A Justiça Federal condenou a União ao pagamento de R$ 100 mil a título de danos morais a uma cidadã que teve sua residência invadida por agentes da Polícia Federal (PF) durante a denominada Operação Caixa Forte, realizada em 2020.
Segundo a sentença, consta nos autos que no dia 31 de agosto de 2020, por volta das 4h30min da manhã, a moradora, autora do processo, foi acordada com o arrombamento de sua residência por agentes da PF sob a justificativa de que estariam cumprindo mandado de busca e apreensão e à procura de uma mulher investigada por suposto envolvimento com organização criminosa.
Ficou demonstrado que mesmo após constatarem que o endereço não era o indicado no mandado judicial, que a moradora não era a pessoa procurada e que a investigada não residia naquela moradia, os agentes federais insistiram em revistar o seu imóvel e ficaram de posse do celular da dona do imóvel durante a operação ilegal.
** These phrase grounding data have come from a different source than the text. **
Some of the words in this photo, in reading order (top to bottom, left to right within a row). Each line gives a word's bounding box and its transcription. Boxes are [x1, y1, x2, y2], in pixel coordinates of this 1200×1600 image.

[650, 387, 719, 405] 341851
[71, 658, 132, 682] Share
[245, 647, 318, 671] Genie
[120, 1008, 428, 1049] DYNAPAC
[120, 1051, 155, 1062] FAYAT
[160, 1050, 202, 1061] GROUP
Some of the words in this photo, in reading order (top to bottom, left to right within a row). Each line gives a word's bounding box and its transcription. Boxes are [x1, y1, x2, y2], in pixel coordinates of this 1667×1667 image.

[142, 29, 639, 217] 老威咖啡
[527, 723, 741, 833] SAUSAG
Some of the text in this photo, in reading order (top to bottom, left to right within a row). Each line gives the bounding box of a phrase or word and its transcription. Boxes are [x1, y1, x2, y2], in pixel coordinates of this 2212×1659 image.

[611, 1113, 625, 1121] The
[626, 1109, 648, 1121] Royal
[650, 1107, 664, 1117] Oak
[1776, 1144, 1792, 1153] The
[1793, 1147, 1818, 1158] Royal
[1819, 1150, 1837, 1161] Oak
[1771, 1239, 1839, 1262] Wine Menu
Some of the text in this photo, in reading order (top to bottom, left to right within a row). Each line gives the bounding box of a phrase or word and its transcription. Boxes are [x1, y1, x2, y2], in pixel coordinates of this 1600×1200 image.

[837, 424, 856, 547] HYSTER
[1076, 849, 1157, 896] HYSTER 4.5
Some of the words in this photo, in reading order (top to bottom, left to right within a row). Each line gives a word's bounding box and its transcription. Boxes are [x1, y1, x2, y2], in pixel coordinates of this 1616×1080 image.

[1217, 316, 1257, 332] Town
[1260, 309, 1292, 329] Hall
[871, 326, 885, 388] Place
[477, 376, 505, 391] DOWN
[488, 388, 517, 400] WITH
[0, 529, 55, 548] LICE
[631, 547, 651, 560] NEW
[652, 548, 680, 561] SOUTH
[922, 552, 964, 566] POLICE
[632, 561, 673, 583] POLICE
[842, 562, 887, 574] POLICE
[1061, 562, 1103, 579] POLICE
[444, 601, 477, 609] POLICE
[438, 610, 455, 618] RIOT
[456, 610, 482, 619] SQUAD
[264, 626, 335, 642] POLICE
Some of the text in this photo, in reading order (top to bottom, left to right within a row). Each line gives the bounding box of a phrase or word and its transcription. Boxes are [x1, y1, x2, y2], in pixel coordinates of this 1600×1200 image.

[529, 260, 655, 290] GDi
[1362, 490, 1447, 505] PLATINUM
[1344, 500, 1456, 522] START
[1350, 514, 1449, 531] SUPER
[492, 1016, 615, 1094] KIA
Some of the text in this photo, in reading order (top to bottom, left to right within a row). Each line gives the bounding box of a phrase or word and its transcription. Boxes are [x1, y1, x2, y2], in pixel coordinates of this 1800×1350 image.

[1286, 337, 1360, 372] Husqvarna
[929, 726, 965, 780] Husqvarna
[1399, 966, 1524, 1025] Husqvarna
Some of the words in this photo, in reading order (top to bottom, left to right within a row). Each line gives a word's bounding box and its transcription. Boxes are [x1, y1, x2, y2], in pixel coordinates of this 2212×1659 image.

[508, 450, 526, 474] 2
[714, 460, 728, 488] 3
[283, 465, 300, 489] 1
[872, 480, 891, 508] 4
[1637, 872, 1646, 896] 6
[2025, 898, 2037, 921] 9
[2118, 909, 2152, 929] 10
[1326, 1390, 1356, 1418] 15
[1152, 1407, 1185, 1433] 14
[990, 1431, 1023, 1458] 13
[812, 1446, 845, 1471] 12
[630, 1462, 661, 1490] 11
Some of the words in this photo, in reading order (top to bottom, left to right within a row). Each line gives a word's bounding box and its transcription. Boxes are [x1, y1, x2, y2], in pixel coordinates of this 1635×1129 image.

O juiz federal responsável pela análise do processo ponderou: “Na hipótese dos autos, os policiais deram início ao cumprimento do mandado antes das 6h da manhã, caracterizando abuso. (...) Não bastasse isso, após constatarem que a autora não era o alvo do mandado judicial, insistiram no equívoco e vasculharam os pertences daquela, sem qualquer indício de ato ilícito. Logo, a atitude desastrosa dos agentes públicos não pode ser considerada mero aborrecimento ante à angústia e aflição da autora ao ser surpreendida com o arrombamento de sua residência por policiais armados. Dessa forma, necessário reconhecer a ilicitude dos atos praticados pelos agentes federais, os quais, em razão da exceção da inviolabilidade do domicílio, deveriam ter promovido com maior cautela a diligência necessária a fim de evitar o constrangimento de pessoas não envolvidas na operação.”
A União terá que indenizar a autora do processo no valor de 100 mil reais a título de danos morais, a ser acrescido de correção e juros. A União poderá pedir o ressarcimento desse valor dos policiais federais que praticaram o ilícito.